Menschen haben sich vermutlich, so u.a. der Medienwissenschaftler und Filmemacher Karl-Nikolaus Renner, schon immer Geschichten erzählt. Und können anscheinend auch kaum anders. Studien deuten darauf hin, dass gerade jüngere und formal weniger gebildete Personen besonders gut durch Narrationen ansprechbar sind. Denn diese Geschichten sprechen unser Gefühl und unseren Verstand an, Emotio und Ratio. Sie sind informativ und unterhaltsam, oft auch spannend.
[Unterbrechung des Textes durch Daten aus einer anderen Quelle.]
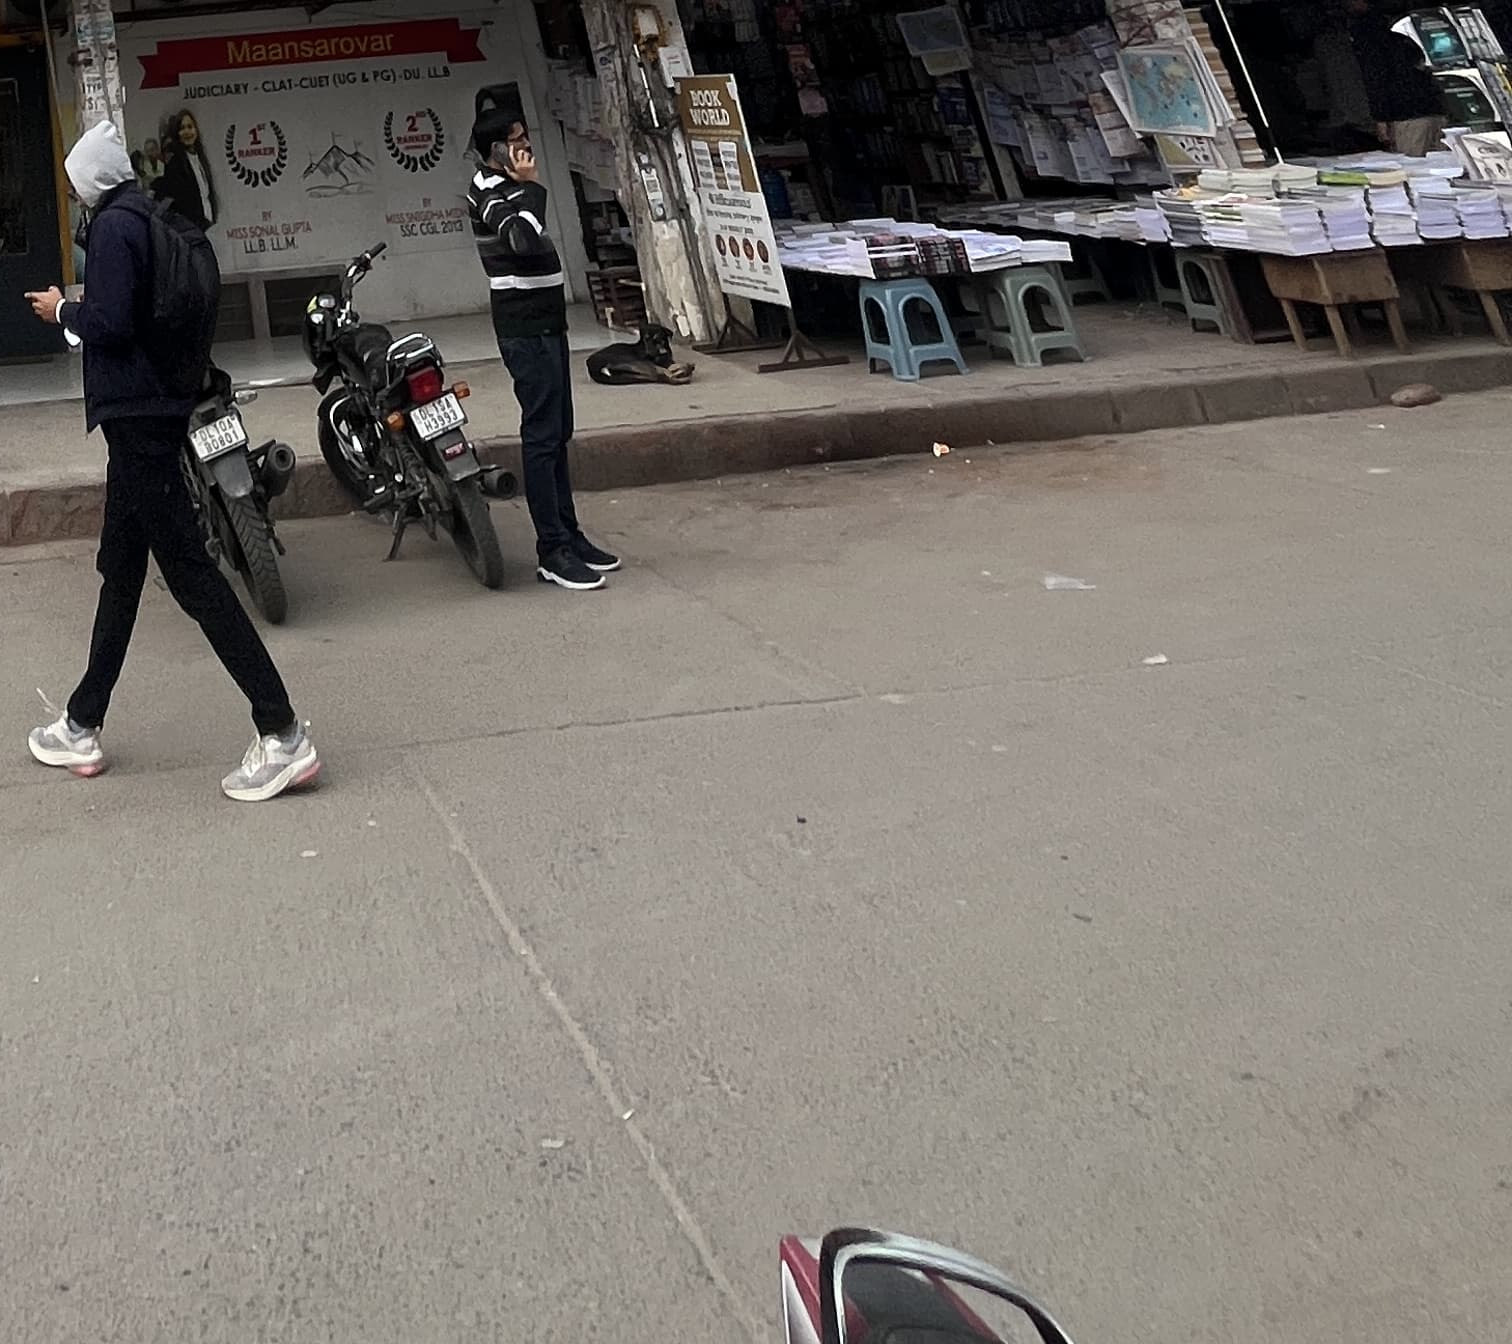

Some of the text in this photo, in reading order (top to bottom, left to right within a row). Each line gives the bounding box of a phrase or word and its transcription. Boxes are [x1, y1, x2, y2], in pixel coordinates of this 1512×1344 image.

Es kann (oder soll) zugleich etwas gelernt werden – „die Moral von der Geschicht’“. Solche Narrationen haben eine ziemlich einfache Grundstruktur: Eine Hauptfigur sieht sich einer Herausforderung gegenüber und versucht, diese zu meistern. Proponent gegen Opponent, mit entsprechend entgegengesetzten Eigenschaften. Das Publikum, die Zielgruppe, kann (und soll) sich oft identifizieren mit den jeweiligen, häufig sympathischen Hauptfiguren. Den allermeisten Storys ist daher von vornherein eine gewisse Parteilichkeit eigen. Gut gegen Böse, Weiß gegen Schwarz.

Wenn – wie typischerweise in Krisen- und Kriegszeiten – ganz besonders viele und zudem möglichst emotional aufwühlende Geschichten mit ähnlichen Gut-Böse-Konstellationen erzählt werden, dann verstärkt sich diese Parteilichkeit. Narrativität schlägt um in Narrativismus: Damit ist gemeint, dass sich das Storytelling verselbständigt. Wenn kritisch auf die entsprechenden Nachrichtenerzählungen und „Nachrichtenerzähler“ geschaut wird, lassen sich problematische Entwicklungen diskutieren, die zu tun haben mit Über-Vereinfachung, Hyper-Emotionalisierung und mit Parteilichkeit, die in zunehmende Einseitigkeit übergeht.

Vielleicht hatte Steve Jobs zumindest damit nicht ganz unrecht, der ganz sicher ein Experte der Selbst-Inszenierung und des „Strategic Storytelling“ war: „Die mächtigste Person auf der Welt ist der Geschichten-Erzähler“. Diese Leute bestimmen laut Steve Jobs Visionen, Werte und Wichtigkeiten ganzer Generationen. Und damit womöglich neue „unendliche Geschichten“.